Next Wednesday’s Budget was set to be a defining statement of the new Boris Johnson government. Administrations are at their most powerful immediately after an election victory, particularly one as decisive as last December. The opposition is weak and the mandate clear.

However, a range of uncertainties have crowded in and the Chancellor Rishi Sunak may have to be more cautious and less visionary than his short-lived predecessor Sajid Javid.

The Coronavirus impact on the economy is unknown and the outcome of the EU talks is uncertain. There is a major spending review due in the autumn and probably another budget.

So, the Chancellor may conduct a holding operation next week. That said we should begin to see how the government propose to square the circle on promises for major infrastructure development with their fiscal rules. Perhaps Mr Sunak will be more willing to break them than his predecessor, pointing out that borrowing is currently so cheap that it is the best time to “level up” the country.

It is time we saw action on the Northern Powerhouse agenda. “Go big or go home”, Lord Kerslake advised in launching his major document on devolved spending last week. He is right although even if the government splash the cash, there is concern that there are the construction workers and engineers to carry the projects through.

Somehow, we will have to pay for the investment and disruption caused by the virus and our EU exit. Mansion taxes and limits on pension tax relief have been floated. The most likely is the ending of the freeze on fuel duty. Petrol prices have been depressed by the virus and it is a green thing to do.

However, it is not always easy to stick to the green agenda. Air Passenger Duty helped to bring down Flybe, and the aviation industry is one of the most affected by the virus epidemic. Should APD be cut or reformed and how would that sit with our carbon neutral objectives?

Remember that the IR35 off payroll rules are being extended to the private sector next month. It aims to stop people dodging tax by operating through personal service companies. It was a device much used by TV celebrities, but the taxman is after them.

It would be great if the Chancellor had the courage to use the first budget of the Johnson premiership to show some vision on the great problems our country faces, housing, business rate reform and social care.

Up the towns!

Downtown hosted an interesting event at Shape Consulting Engineers in Tuebrook this week. The panel were all champions of boosting our towns rather than always concentrating on the big cities.

Steven Broomhead, the CEO of Warrington Council, has headed up a grouping of towns in the North West and the meeting heard of good work being done in Warrington Skelmersdale and Birkenhead.

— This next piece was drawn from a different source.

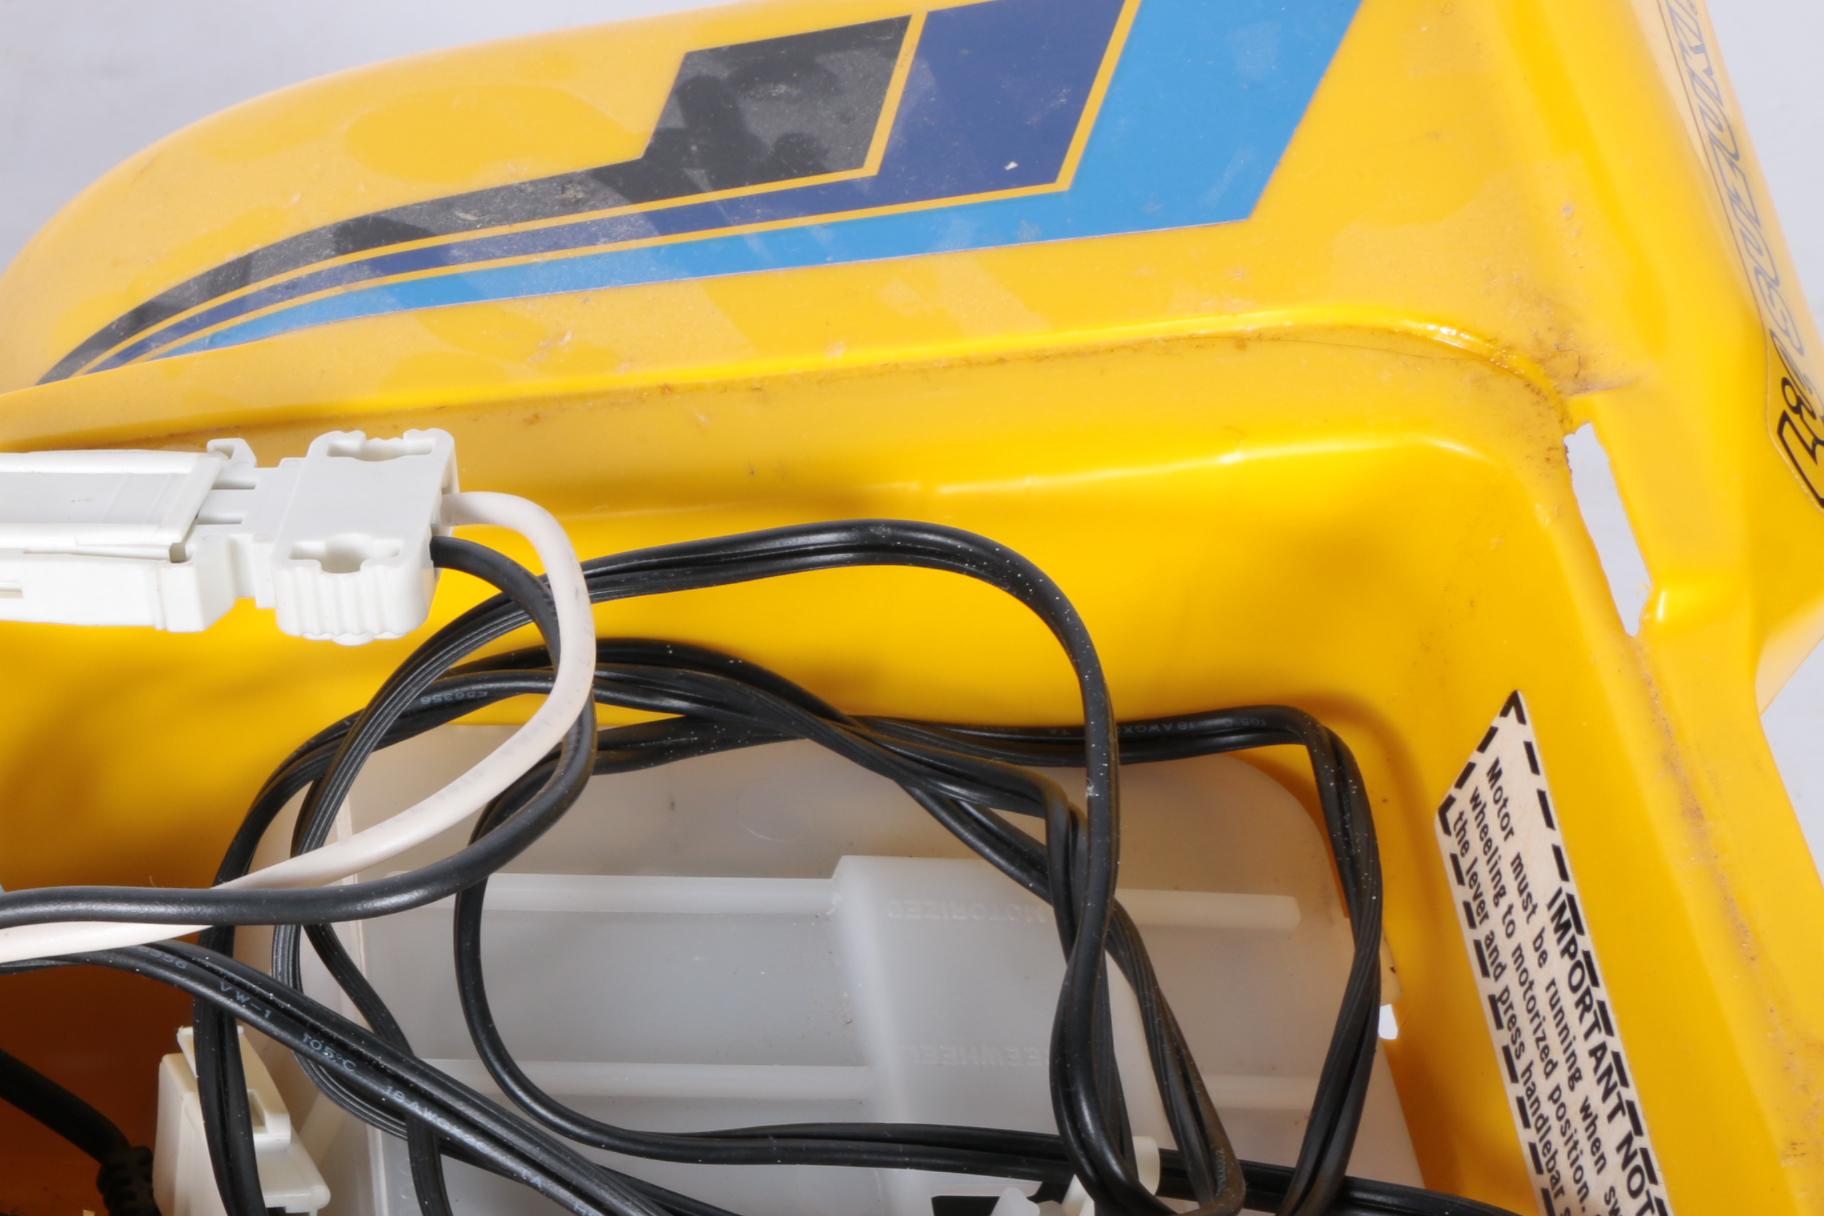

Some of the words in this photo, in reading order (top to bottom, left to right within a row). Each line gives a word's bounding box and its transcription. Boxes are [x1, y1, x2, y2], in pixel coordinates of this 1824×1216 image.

Special mention must go to the regeneration potential of the Shakespeare project in Prescot. It is Max Steinberg’s latest project after his success with the International Festival of Business. He told the meeting of the great regeneration and educational potential of the project.

Max didn’t use this appropriate quote from Julius Caesar, so I will, “There is a tide in the affairs of men which, taken at the flood, leads on to fortune. Omitted, all the voyage of their life is bound in shallows and in miseries”.

That one for the Chancellor to ponder on this weekend.